За очень небольшой срок нормальной работы больших труб испытаниям и аэродинамическим улучшениям здесь подверглись все самолеты, составляющие славу нашей военной авиации, причем не только опытные их экземпляры, но и серийные, уже состоящие на вооружении.

И ни один из этих самолетов не вернулся на аэродром без рекомендаций, позволивших повысить лётные или боевые качества машин.

Динамическая и статическая прочность

Работа отдела прочности старого ЦАГИ позволила дать и для скоростных машин нормы прочности, которыми и руководствовались создатели боевых самолетов.

Массовое применение авиации в сложнейших условиях современного боя дало материал, позволивший проверить нормы прочности и уточнить их. Однако новые тактические задачи, непрестанное совершенствование боевых машин потребовали дальнейшей научно-исследовательской работы, для того чтобы ответить на вопрос, какой должна быть прочность самолета при выполнении авиацией возлагаемых на нее новых и новых тактических задач.

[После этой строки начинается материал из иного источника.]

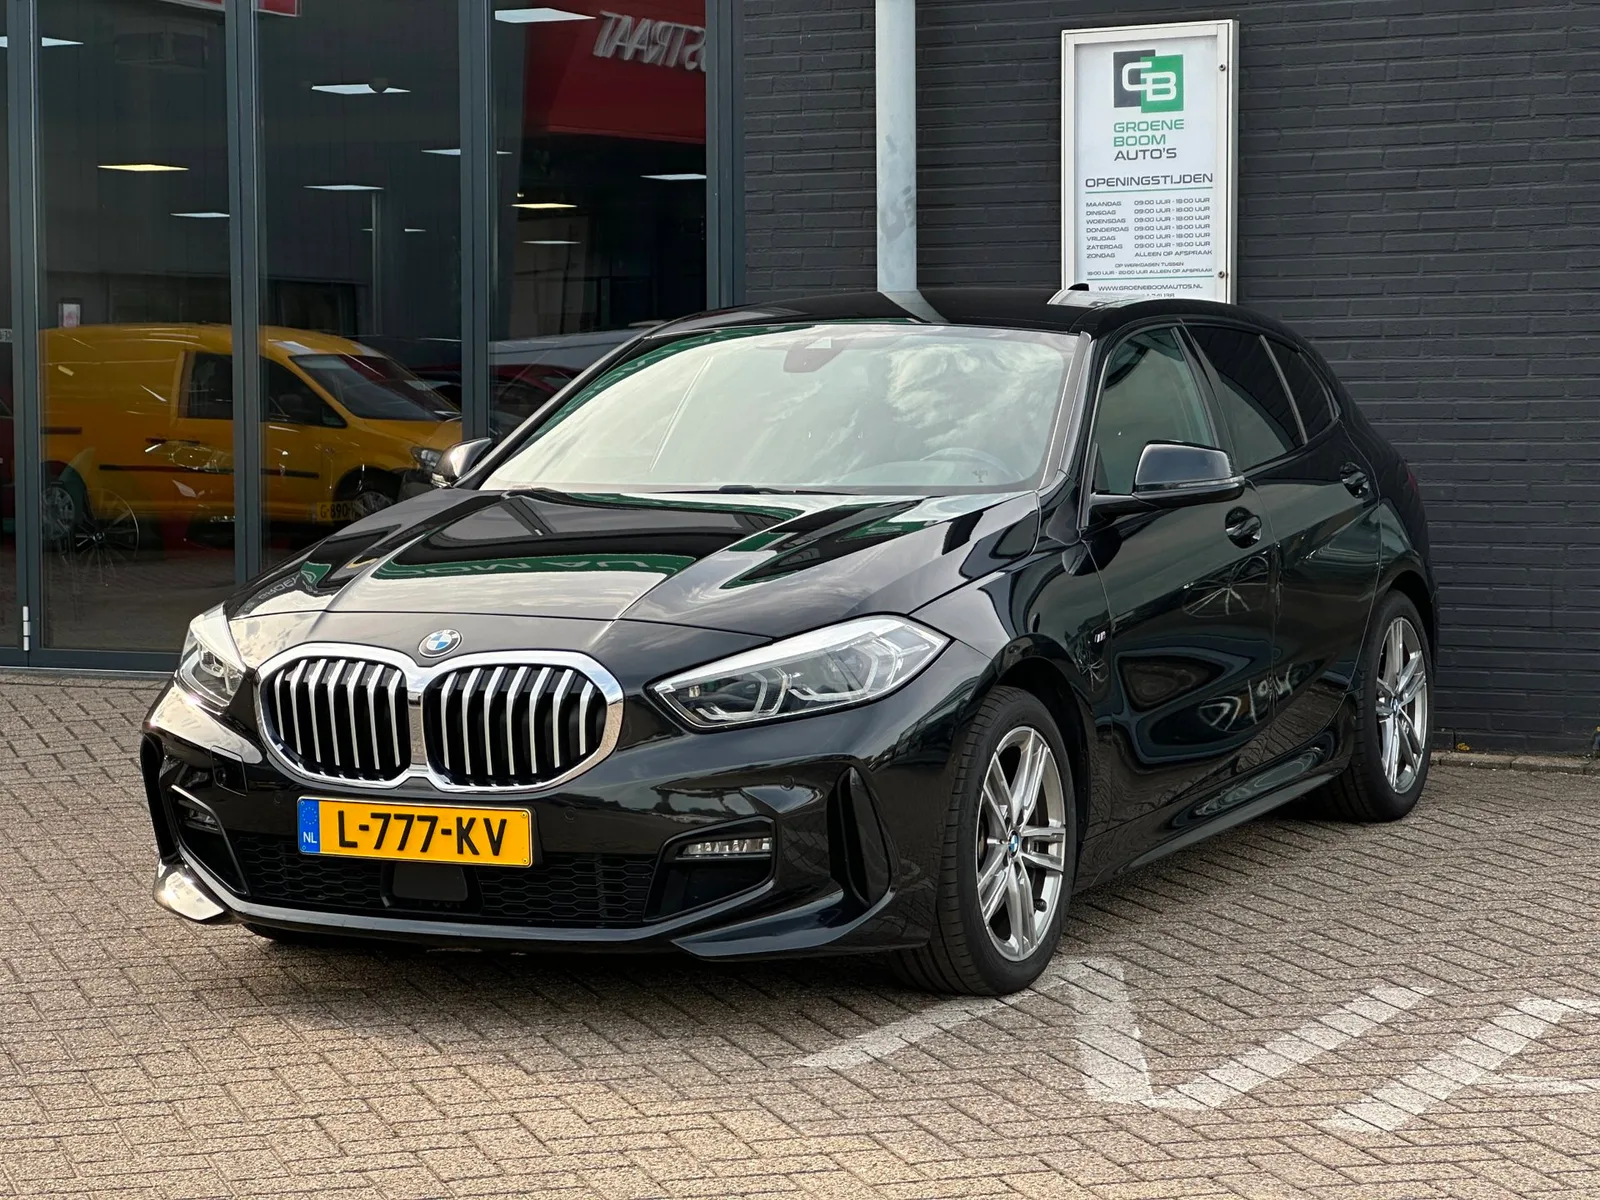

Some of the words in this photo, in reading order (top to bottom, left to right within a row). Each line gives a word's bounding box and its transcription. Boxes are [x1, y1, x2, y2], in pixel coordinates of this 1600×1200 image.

Большое значение в этом деле приобрели законченные постройкой и вступившие в эксплуатацию в 1941 году динамическая и статическая лаборатории нового ЦАГИ.

Лаборатория статических испытаний представляет собой по существу единую громадную испытательную машину. Мощный железобетонный пол площадью в 2,5 тысячи квадратных метров имеет около двух километров «силовых прогонов» — забетонированных в полу рельсов, к которым прикрепляются тросы, удерживающие самолет внизу, в то время как другие тросы тянут его вверх. Весь корпус наверху замыкается силовым потолком, несущим семнадцать кранов, расположенных в три яруса. В этой колоссальной машине, оснащенной специальной аппаратурой, и происходит исследование прочности самолетов.

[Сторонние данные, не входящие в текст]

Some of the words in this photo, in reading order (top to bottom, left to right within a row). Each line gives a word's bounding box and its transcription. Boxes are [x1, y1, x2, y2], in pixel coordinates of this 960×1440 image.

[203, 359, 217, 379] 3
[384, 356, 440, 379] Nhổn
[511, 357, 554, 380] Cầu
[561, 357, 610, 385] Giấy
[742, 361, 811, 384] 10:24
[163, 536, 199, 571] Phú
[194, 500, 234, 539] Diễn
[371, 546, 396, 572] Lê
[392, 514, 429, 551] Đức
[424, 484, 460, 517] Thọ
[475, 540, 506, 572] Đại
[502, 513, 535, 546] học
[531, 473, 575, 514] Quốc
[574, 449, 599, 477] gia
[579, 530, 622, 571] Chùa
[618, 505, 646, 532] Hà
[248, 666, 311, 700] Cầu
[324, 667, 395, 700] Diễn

Через эту лабораторию прошли все серийные самолеты, получившие такую огромную популярность в ходе войны: истребители «Як-1», «Як-7» и «Як-9», истребитель «Ла-5», штурмовик «Ил-2», бомбардировщик «Пе-2» и ряд других.

Здесь было проверено качество серийного производства и даны были рекомендации по его улучшению.

Здесь подверглись испытаниям, еще более волнующим, и новые опытные самолеты.

В этом зале с тайным или явным, хорошо или плохо скрываемым волнением следили за испытанием своих созданий и С. В. Ильюшин, и А. С. Яковлев, и Н. Н. Поликарпов, и С. А. Лавочкин.

Есть в жизни каждого самолетостроителя один момент, когда обнажается его творческий и человеческий характер и для него самого и для посторонних глаз: это момент испытаний самолета — как лётных, так и в особенности статических испытаний на прочность. Дело в том, что самолет одинаково идет в брак и тогда, когда он недостаточно прочен, и тогда, когда он излишне прочен. Ведь конструктор должен дать не только прочную машину, но и легкую; не только удовлетворить нормам прочности, но и не превысить их, чтобы не отяжелить машину.

Какой самолетостроитель не почувствует себя в лаборатории статических испытаний, как в камере пыток, когда его создание с медленно нарастающей силой стремятся разорвать на части стальные тросы, спускающиеся с потолка, поднимающиеся от железобетонного пола! Каждый конструктор облегченно вздыхает, когда машина выдерживает критическую нагрузку в сто процентов, но если и после нее самолет не трещит, не разрушается, создатель самолета снова впадает в томительное и взволнованное ожидание. Если до того он страстно желал, чтобы машина не издала ни одного звука, ни одного стона, то теперь, наоборот, с такой же страстностью он жаждет, чтобы у самолета отвалилось крыло, прорвалась обшивка, прогнулись лонжероны.